Islamabad protesters threatened two police officials to burned them alive
29 November, 2017
RAWALPINDI: Two police officials who were allegedly abducted by participants of the Faizabad sit-in on Sunday have said that their kidnappers had threatened to douse them in gasoline and burn them alive but changed their minds after the two officials begged for their lives and the government and leaders of the protest reached an agreement.
Sub-Inspector (SI) Aslam Hayat and and SI Amanat Ali were beaten and left among the bushes along Sohan Road, where they were found on Monday.
“The kidnappers threatened to set us on fire after midnight, but we begged for our lives and assured them that we were not at fault,” recalled SI Ali from his hospital bed at the District Headquarters (DHQ) Hospital – where he and Mr Hayat were abducted from Sunday night.
Mr Ali was beaten by plastic-coated electric wires and batons by 10 to 15 people. He is currently under observation, but is expected to be released on Wednesday.
Mr Hayat, who is associated with the homicide investigation wing of the Sadiqabad police, was severely beaten and has a fractured left elbow.
He was discharged from hospital on Tuesday and advised by doctors to be on bed rest for at least 35 days.
In a voice strained because of his injuries, Mr Ali recounted that the police officials were held in a makeshift tent near Faizabad, where they were beaten by more than 10 people.
His son Sakhawat Ali, who has been attending to his father at the hospital, told reporters that the kidnappers also snatched the victims’ mobile phones and wallets, and tore their uniforms.
He said they were not given any meals or water, despite repeated requests. The two men were released after news of an agreement between the government and the protesters reached the kidnappers.

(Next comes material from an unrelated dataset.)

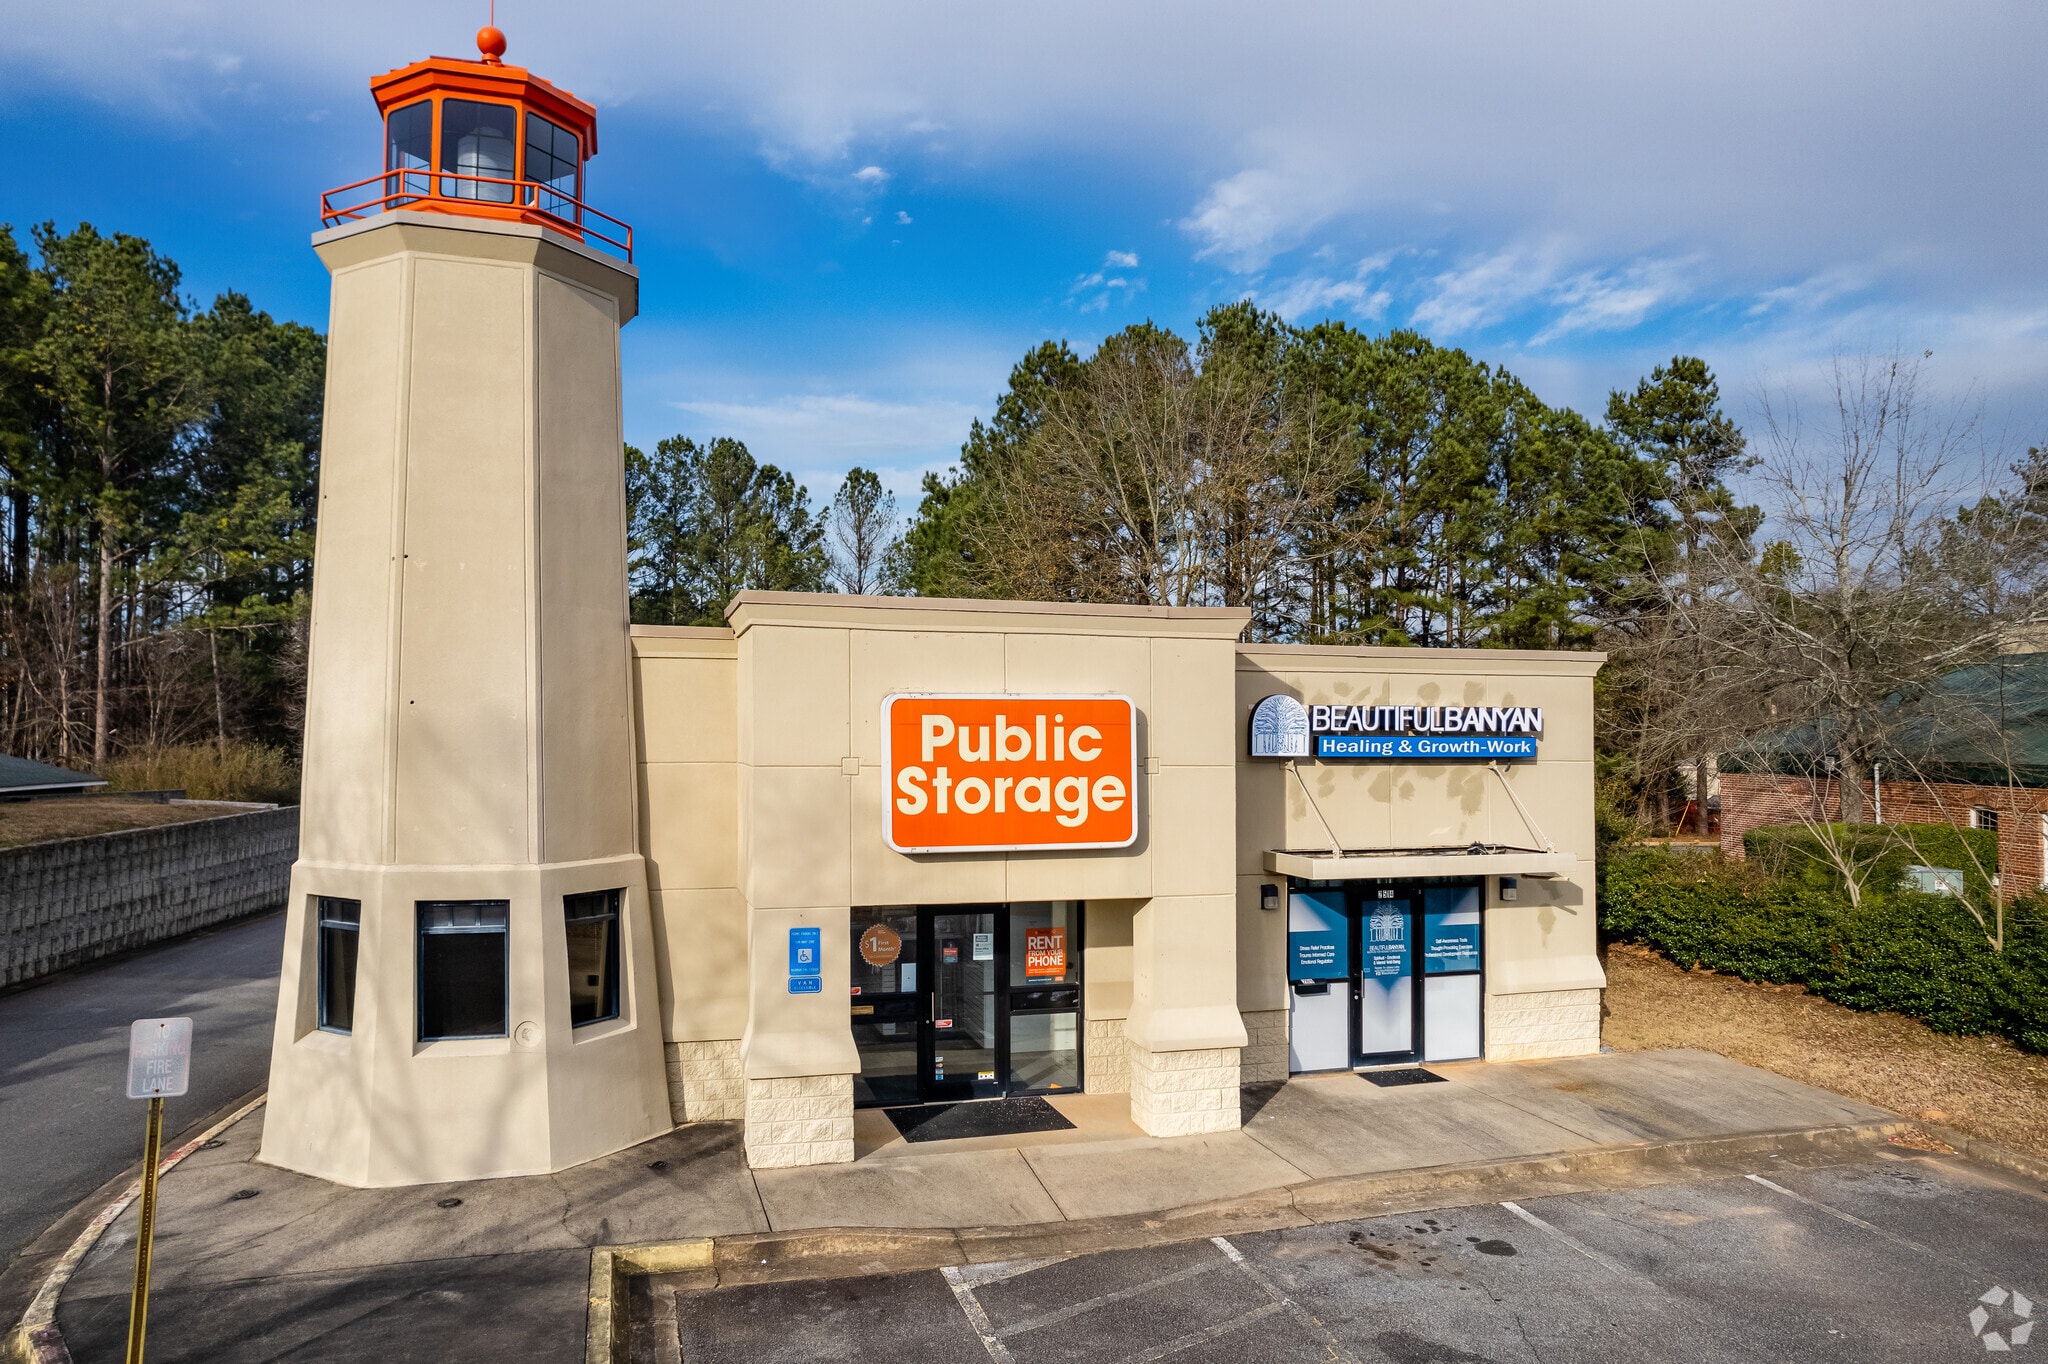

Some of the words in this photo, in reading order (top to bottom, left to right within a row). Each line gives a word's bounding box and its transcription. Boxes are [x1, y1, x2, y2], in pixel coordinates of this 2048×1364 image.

According to a senior police official, although a case was registered against unidentified protesters soon after the two policemen were abducted, an investigation has not begun because nobody has been identified in the FIR and because of the agreement between the government and protesters.
“Finally, the case will be shelved by the police,” he said. The withdrawal of cases will further demoralise the police force, which is already in distress over salaries and facilities, and their seniors’ cold attitude, he added.
Another senior police official said he could not confirm whether any police personnel were still missing. It will be clearer when all the additional police called in from other districts have returned and the counting of police, weapons and wireless sets is complete, he said.
Missing wireless sets are also a matter of concern for the police, since anyone who had such sets in their possession could have overheard police conversations, which would be illegal as well as a security risk.